Former Short-term Scholar, Kennan Institute Title VIII Summer Research Scholarship

Professional Affiliation

Ph.D. Candidate, Indiana University

Expert Bio

Timothy Model is a doctoral candidate at Indiana University’s Department of Political Science and a fellow at the Indiana University Russian Studies Workshop. His dissertation, “The Politics of Anti-Corruption Campaigns,” investigates the variation in anti-corruption strategies in autocracies.

Previously, he was a visiting researcher at the International Center for the Study of Institutions and Development at the Higher School of Economics in Moscow and an affiliate of the Ostrom Workshop.

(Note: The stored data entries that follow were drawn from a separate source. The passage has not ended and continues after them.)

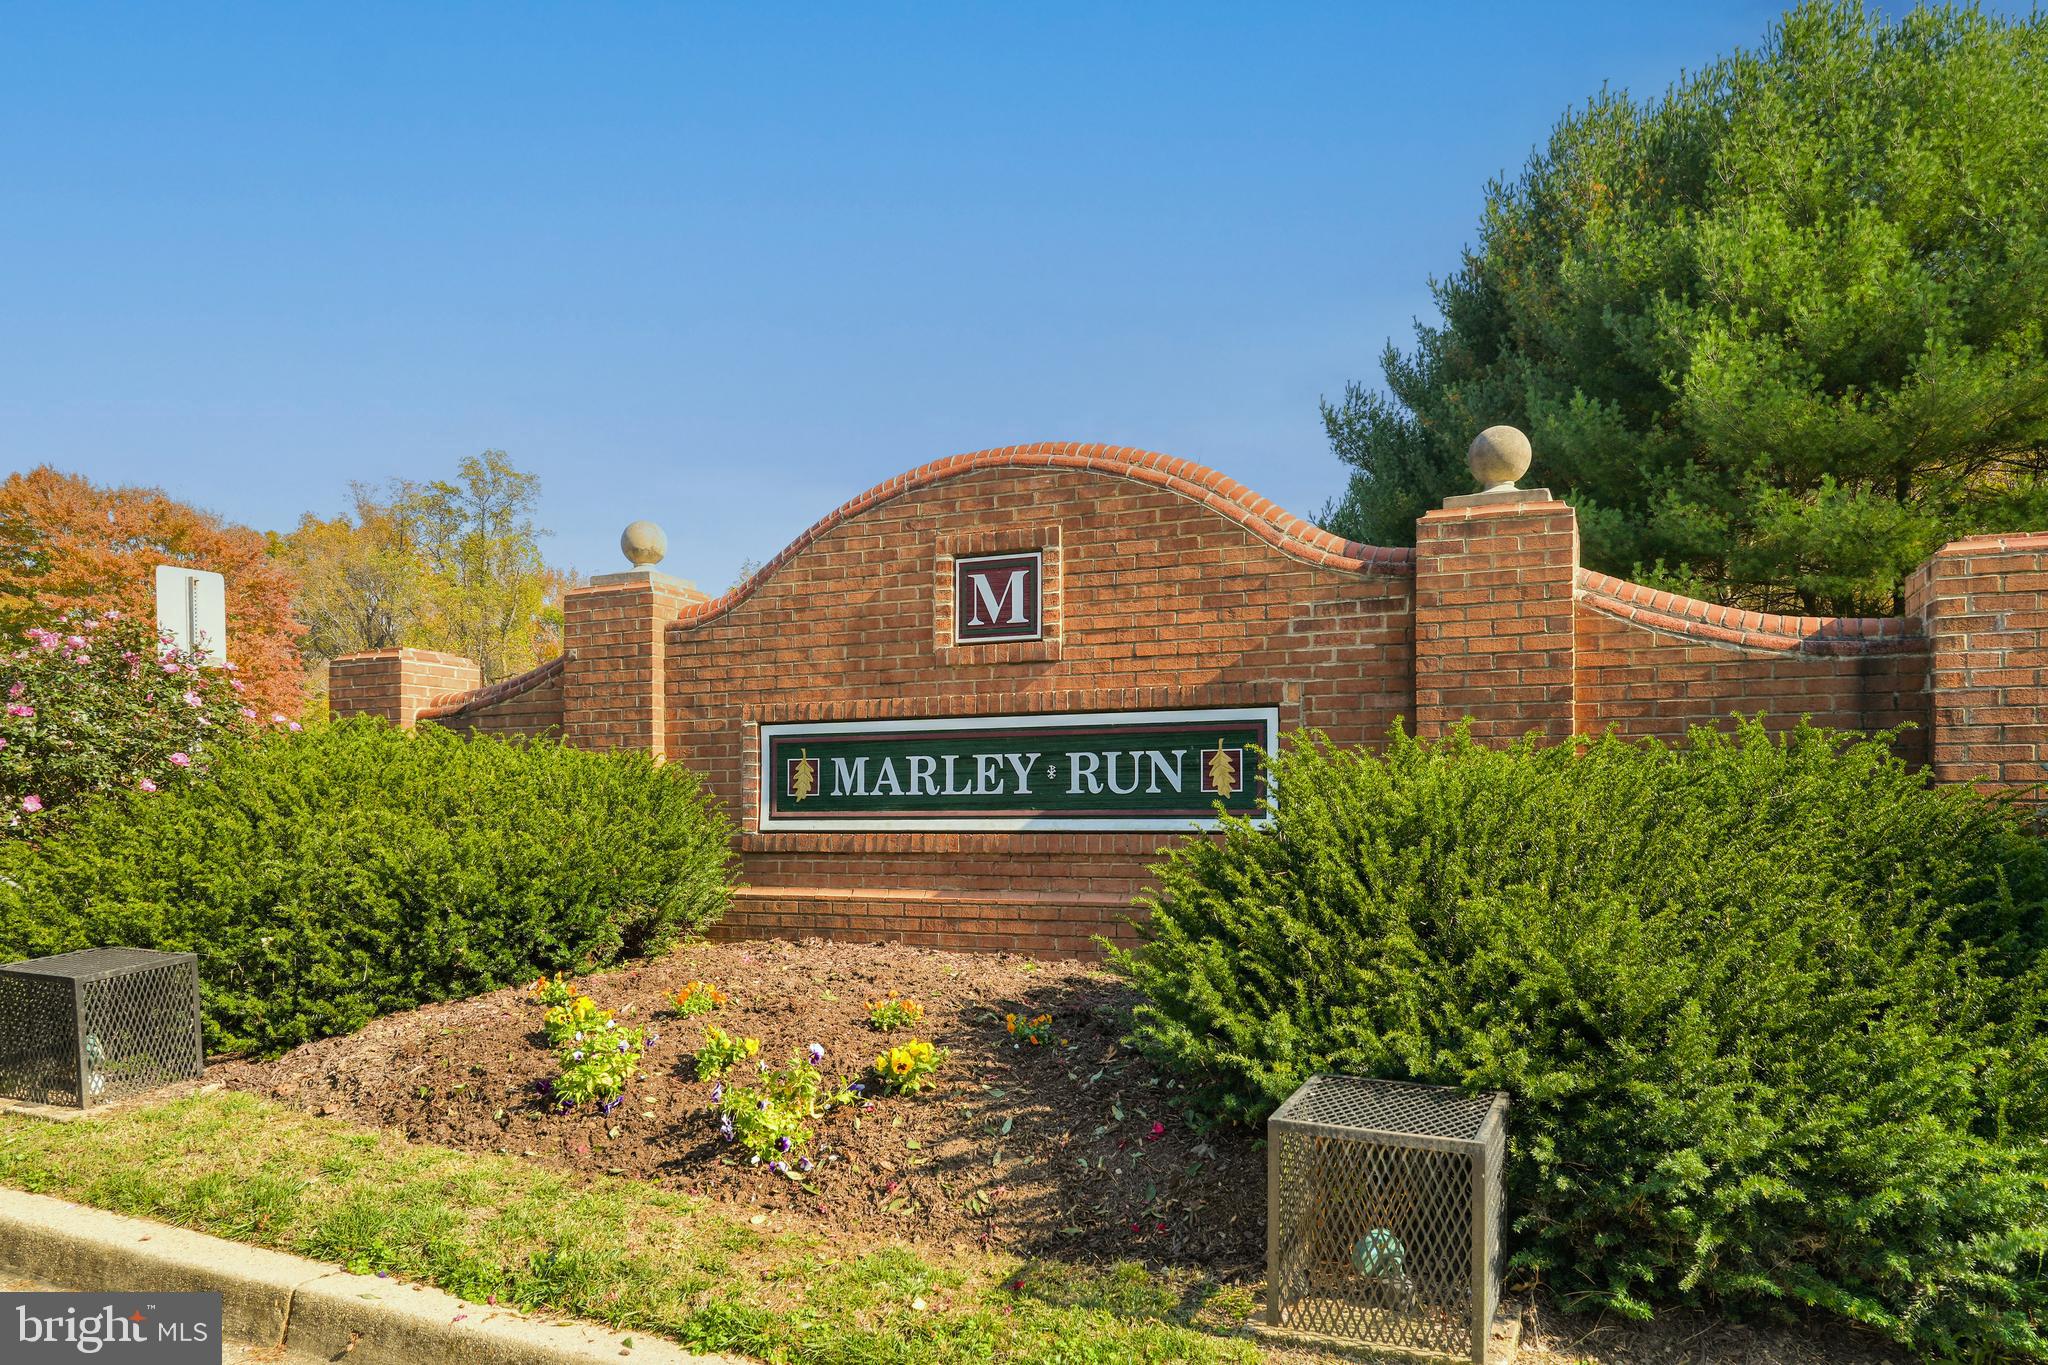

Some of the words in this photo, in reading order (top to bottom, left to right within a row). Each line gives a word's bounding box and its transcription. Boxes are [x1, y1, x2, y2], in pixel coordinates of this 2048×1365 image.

[967, 569, 1031, 627] M
[830, 752, 1042, 797] MARLEY
[1065, 749, 1188, 795] RUN
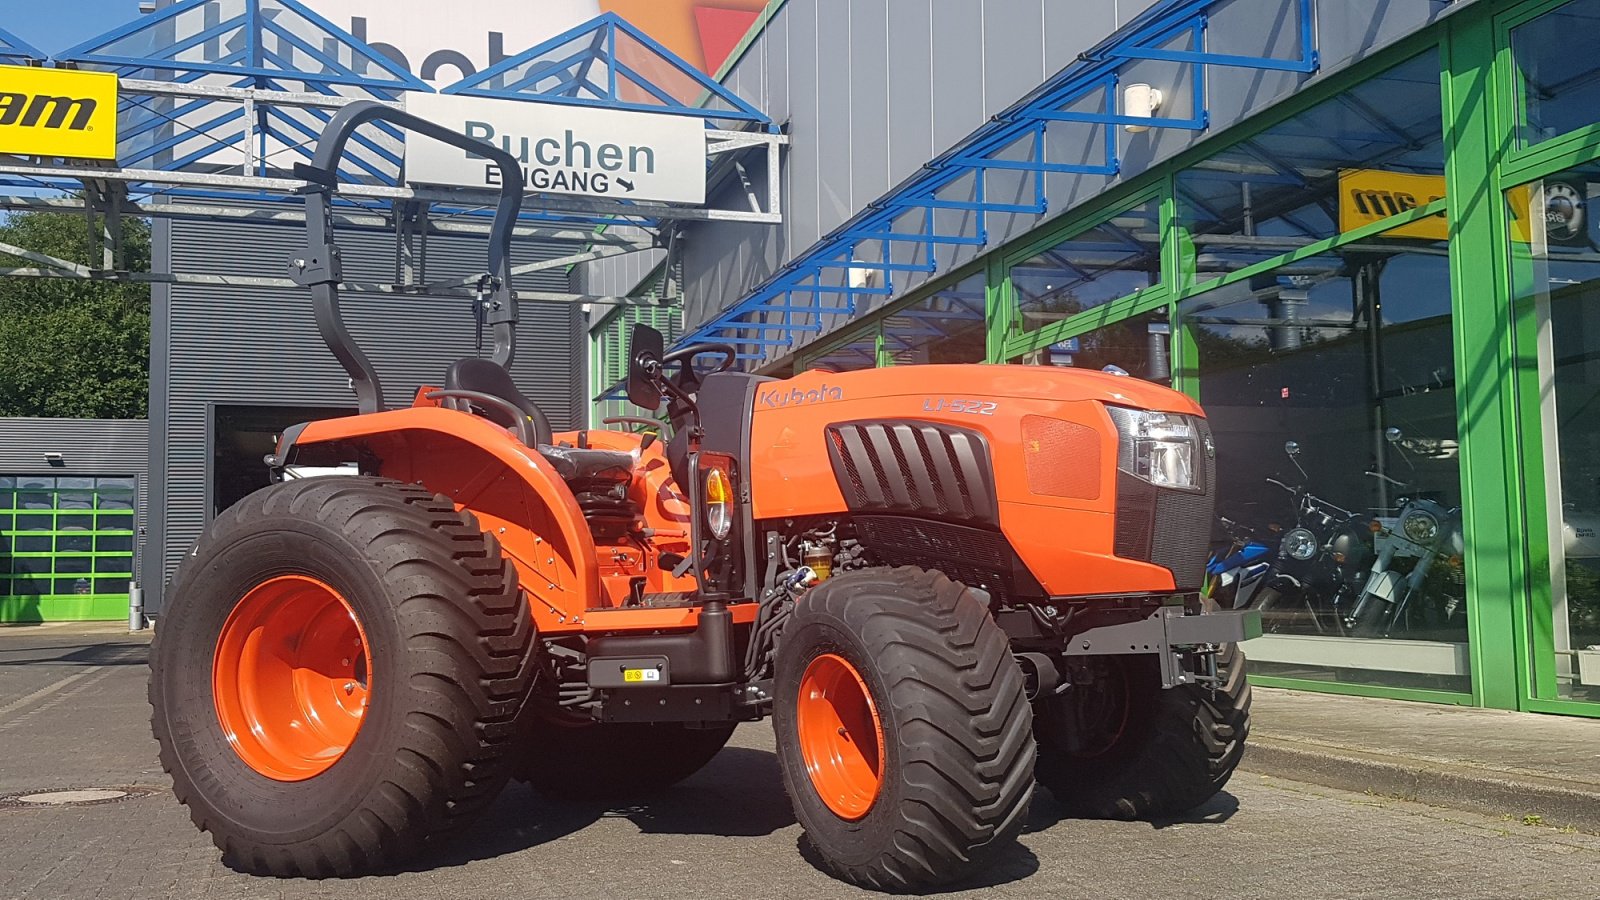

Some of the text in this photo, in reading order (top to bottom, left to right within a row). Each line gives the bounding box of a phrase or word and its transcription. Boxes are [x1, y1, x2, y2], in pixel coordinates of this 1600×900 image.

[464, 120, 655, 174] Buchen
[485, 164, 609, 193] EGANG
[759, 384, 843, 407] Kubota
[922, 397, 998, 416] L1-522

He received bachelor’s degrees in Diplomacy/Global Politics and in Russian, East European, and Eurasian Studies in 2012 from Miami University where he was affiliated with the Havighurst Center.

Wilson Center Project

The Politics of Corruption

Project Summary

Writers often liken corruption to that of a societal disease. In Democracy in America, de Tocqueville wrote that corruption resembles an "illness." More recently, international leaders have compared corruption to a "cancer." Bolstering these statements are findings that corruption stunts political and economic development. In response to the problems of corruption, Western democracies and international organizations have spurred a global fight against corruption. A number of autocracies have heeded the call, undertaking massive, domestic anti-corruption campaigns. To the dismay of observers, however, these campaigns have yielded few positive outcomes, resulting in a debate over how to understand the failures of anti-corruption campaigns. The central goal of the project is to understand these failures. In doing so, the project asks what explains the variation in anti-corruption campaigns and argue that their variation is a result of autocratic responses to the fluid nature of corrupt relationships.